Audio of Stalin was launched on 22 August 2006 at a jam pack auditorium of Lalitha Kala Vedika in Public Gardens, Hyderabad. Pawan Kalyan launched the audio of gave the first cassette to Nimmagadda Prasad (Matrix Labs) and Murali Krishnam Raju (MAA TV). The film has six songs composed by Mani Sharma, with lyrics by Anantha Sriram, Pedada Murthy, Kadikonda and Suddala Ashok Teja.

Track list
| No. | Title | Lyrics | Singer(s) | Length |
|---|---|---|---|---|
| 1. | "Go Go Goa" | Anantha Sriram | Ranjith, Mahalakshmi Iyer | 5:00 |
| 2. | "Siggutho Chi Chi" | Peddada Murthy | Sadhana Sargam, Hariharan, Mallikarjun (Uncredited) | 4:59 |
| 3. | "I Wanna Spider Man" | Kandikonda | Rita, Naveen Madhav | 5:07 |
| 4. | "Thobare Thoba" | Anantha Sreeram | Sunitha Upadrashta, S. P. Balasubrahmanyam | 4:58 |
| 5. | "Suryude Selavani" | Suddala Ashok Teja | S. P. Balasubrahmanyam | 5:10 |
| 6. | "Parare Parare" | Anantha Sreeram | Shankar Mahadevan | 5:16 |
| Total length: |  |  |  | 30:30 |

==Reception==
===Critical reception===
The film received mixed to positive reviews. Jeevi of idlebrain.com praised the performances of Chiranjeevi and Khushboo and stated that "First half of the film is pretty mediocre as there is no conflict thread in terms of villain. Second half is better from the moment villain enters the scene. The last 20 minutes of the film stands out with very good emotions." Sify.com gave it 3 on 5 stars as well and stated "The much hyped Murugadoss directed Stalin does not have Chiru as the comic book superhero in the first half. He is basically a do-gooder for his fellow-men as he attempts to make the world a better place to live.
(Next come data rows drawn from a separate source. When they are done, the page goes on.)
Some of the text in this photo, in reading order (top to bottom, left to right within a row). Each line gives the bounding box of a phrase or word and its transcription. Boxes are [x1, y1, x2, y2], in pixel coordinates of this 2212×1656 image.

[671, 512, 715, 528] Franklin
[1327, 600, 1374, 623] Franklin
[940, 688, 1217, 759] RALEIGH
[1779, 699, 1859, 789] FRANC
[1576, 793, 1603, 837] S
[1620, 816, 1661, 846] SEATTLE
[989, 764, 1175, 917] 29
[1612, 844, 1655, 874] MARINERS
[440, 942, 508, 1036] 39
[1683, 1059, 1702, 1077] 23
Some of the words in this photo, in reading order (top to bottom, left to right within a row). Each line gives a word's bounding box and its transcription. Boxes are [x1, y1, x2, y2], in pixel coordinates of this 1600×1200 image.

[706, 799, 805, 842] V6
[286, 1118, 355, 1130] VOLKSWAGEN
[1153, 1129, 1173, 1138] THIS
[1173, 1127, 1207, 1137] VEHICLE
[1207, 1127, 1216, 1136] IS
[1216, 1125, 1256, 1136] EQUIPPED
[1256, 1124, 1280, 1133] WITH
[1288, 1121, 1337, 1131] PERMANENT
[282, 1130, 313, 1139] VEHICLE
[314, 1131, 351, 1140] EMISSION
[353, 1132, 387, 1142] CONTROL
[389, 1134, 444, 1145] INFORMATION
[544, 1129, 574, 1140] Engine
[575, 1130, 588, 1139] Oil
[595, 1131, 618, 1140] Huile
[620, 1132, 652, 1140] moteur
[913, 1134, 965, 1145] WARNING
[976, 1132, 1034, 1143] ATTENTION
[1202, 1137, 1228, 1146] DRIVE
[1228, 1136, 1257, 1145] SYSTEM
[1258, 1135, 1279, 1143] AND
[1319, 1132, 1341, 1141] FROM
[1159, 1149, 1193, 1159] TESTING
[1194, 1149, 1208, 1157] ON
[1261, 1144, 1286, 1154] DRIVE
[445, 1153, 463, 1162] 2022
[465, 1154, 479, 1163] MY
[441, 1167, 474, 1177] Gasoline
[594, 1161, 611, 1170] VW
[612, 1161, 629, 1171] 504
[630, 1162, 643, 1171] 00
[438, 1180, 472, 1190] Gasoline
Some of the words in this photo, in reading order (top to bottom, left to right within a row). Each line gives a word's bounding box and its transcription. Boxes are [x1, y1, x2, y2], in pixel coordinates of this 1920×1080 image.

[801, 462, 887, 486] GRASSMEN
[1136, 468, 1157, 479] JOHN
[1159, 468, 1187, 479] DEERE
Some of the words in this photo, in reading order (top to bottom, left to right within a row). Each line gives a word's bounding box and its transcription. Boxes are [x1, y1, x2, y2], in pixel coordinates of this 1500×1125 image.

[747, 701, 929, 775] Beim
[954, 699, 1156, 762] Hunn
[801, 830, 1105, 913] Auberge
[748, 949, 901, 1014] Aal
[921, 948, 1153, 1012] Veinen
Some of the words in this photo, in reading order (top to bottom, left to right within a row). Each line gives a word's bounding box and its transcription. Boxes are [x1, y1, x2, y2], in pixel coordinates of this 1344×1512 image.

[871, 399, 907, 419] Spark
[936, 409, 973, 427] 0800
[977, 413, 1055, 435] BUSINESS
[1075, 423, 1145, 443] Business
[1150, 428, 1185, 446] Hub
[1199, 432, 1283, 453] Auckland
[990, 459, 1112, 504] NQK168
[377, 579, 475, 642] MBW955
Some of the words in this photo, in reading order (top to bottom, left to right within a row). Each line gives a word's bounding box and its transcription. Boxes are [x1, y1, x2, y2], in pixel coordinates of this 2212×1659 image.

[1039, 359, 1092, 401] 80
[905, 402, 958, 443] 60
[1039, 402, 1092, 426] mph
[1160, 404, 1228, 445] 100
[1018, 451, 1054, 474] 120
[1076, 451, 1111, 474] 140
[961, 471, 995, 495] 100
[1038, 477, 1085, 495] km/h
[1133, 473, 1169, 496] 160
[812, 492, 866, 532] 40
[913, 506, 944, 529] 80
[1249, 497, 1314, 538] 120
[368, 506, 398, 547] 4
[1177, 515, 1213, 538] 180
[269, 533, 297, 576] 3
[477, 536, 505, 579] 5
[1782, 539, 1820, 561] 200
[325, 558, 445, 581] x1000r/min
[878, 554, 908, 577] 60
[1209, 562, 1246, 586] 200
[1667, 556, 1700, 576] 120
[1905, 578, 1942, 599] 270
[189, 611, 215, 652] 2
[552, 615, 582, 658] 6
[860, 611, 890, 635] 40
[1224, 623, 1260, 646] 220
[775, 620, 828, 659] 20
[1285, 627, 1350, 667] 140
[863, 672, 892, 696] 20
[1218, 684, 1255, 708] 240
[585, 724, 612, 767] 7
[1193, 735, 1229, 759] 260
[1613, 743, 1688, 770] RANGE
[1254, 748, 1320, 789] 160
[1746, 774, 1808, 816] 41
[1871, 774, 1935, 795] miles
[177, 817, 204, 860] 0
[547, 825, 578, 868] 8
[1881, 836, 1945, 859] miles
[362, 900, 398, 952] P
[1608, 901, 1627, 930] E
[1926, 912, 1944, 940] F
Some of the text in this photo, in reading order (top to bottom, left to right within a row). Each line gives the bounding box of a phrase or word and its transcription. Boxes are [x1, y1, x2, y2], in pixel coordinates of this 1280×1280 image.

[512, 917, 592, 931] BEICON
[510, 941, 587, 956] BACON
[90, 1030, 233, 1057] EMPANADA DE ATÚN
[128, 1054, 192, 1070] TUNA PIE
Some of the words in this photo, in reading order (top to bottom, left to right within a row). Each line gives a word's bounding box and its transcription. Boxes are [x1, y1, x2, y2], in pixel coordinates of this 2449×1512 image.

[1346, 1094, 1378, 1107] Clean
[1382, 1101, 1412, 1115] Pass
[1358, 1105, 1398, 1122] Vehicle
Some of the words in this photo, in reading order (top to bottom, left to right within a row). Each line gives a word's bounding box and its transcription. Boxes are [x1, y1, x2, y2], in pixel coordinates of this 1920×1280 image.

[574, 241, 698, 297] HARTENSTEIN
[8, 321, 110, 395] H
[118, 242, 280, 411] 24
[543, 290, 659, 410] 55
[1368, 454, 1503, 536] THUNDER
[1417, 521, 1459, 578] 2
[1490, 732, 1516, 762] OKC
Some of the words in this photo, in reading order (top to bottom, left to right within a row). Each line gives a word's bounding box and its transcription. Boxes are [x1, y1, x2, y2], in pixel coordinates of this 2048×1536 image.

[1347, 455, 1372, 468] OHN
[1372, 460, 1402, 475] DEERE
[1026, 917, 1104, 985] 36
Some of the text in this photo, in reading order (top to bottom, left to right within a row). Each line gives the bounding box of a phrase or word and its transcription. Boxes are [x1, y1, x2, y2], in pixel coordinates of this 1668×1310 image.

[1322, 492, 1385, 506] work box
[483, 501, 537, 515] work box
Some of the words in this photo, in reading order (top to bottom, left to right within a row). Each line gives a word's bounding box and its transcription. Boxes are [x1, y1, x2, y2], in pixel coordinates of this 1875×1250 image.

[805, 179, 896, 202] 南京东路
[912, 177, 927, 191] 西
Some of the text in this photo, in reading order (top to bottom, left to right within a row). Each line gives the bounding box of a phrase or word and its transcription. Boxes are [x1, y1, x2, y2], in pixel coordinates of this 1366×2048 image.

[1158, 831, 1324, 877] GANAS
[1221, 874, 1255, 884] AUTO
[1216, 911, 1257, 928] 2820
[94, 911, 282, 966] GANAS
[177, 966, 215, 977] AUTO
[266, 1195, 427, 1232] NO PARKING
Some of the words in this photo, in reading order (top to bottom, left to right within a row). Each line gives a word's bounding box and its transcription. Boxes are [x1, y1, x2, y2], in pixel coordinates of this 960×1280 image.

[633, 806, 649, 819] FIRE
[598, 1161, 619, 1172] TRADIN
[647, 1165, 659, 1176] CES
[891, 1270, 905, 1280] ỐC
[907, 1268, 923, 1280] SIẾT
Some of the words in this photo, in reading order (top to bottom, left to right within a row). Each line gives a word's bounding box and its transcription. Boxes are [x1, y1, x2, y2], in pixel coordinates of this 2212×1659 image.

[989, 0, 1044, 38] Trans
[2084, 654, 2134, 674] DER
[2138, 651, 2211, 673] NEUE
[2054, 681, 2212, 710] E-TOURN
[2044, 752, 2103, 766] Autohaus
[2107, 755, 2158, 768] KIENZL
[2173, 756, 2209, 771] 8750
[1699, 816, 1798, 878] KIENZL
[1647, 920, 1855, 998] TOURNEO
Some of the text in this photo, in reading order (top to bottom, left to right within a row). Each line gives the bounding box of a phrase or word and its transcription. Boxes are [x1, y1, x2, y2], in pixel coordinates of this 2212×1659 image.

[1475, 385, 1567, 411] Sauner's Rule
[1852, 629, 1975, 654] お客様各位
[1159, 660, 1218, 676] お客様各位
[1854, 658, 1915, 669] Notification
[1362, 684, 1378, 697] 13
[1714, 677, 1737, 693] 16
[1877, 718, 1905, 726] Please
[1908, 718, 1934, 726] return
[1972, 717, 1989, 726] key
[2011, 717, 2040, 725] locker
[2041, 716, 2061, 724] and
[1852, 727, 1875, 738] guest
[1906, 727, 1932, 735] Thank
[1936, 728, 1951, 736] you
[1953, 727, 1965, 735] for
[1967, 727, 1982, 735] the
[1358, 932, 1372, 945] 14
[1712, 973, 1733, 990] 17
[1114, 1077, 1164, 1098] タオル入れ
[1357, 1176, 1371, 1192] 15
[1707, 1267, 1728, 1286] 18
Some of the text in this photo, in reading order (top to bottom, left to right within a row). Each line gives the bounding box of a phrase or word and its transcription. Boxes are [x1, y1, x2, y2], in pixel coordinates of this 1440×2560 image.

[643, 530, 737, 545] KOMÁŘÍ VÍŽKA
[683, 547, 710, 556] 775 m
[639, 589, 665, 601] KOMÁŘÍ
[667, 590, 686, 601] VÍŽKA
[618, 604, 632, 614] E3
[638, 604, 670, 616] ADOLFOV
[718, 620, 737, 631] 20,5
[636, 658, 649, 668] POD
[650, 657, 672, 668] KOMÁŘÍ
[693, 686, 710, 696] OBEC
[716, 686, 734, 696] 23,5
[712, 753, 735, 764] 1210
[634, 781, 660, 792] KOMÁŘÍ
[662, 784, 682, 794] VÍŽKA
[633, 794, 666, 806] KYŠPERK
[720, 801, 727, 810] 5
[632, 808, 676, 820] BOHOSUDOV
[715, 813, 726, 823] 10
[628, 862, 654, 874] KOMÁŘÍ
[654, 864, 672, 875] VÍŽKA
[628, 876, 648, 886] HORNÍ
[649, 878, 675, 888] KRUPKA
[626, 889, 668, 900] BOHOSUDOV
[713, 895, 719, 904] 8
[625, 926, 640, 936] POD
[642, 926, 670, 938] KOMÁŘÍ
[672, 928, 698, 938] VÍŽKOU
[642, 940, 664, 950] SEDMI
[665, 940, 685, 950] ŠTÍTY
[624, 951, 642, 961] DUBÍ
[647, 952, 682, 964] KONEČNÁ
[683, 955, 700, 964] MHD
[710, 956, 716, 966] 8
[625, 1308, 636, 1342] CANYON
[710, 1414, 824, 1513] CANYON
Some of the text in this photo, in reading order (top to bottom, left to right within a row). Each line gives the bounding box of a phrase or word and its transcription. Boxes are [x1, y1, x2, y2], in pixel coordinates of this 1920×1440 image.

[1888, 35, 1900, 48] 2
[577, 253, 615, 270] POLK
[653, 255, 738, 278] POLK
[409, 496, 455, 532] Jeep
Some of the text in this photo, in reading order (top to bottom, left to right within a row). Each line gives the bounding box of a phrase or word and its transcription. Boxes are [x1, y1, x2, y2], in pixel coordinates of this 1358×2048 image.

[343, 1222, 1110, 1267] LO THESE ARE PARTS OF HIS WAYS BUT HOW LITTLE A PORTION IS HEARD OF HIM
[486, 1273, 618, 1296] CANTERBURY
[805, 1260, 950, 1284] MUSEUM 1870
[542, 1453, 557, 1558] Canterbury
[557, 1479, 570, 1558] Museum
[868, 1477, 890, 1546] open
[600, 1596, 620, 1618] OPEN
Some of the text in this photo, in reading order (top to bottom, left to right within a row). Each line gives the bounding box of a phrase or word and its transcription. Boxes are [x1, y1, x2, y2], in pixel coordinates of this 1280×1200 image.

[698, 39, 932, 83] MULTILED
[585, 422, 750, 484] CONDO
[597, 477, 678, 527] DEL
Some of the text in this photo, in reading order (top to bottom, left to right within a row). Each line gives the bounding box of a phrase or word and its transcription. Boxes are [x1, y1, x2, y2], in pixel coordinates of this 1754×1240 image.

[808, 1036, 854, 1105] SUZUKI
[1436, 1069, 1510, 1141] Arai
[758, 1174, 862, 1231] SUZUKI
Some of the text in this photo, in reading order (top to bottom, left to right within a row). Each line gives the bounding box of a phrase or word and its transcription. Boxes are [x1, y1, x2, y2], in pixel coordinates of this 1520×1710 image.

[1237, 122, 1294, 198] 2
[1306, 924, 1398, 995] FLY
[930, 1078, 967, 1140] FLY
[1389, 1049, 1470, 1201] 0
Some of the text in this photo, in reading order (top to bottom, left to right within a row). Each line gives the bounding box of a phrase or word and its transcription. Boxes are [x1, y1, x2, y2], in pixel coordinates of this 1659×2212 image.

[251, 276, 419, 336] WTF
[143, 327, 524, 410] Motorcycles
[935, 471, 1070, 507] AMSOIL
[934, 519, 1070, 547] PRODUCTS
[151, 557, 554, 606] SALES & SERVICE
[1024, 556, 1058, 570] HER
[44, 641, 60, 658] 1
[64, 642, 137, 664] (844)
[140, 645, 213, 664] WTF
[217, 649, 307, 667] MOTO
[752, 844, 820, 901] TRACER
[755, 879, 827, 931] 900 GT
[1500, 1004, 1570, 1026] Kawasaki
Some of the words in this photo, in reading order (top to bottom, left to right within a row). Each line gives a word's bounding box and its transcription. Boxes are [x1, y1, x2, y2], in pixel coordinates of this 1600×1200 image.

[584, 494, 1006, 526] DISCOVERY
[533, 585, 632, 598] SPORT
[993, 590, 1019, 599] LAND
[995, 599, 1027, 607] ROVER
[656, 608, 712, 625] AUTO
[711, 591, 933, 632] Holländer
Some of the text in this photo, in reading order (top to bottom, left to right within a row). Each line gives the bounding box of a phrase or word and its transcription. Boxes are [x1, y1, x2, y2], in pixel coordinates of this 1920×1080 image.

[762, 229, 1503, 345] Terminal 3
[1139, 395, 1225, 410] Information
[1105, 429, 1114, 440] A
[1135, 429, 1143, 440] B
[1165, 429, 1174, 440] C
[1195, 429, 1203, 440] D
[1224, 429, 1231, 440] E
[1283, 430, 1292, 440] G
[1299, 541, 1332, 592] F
Chiru in such a role may or may not work with the masses but in this refreshingly different role, he is cool with a capital C." Indiaglitz.com also commented "Director Murugadoss, who made us all sit up and take notice through Tagore (story) and Ghajini, once again underlines his talent for making a wholesome and powerful mass masala movie. In Chiranjeevi, he has somebody who can bring to life any kind of idea he (Murugadoss) has. Chiranjeevi, it seems, has been particular about the 'message' aspect — at his stature and seniority, he had every reason to be."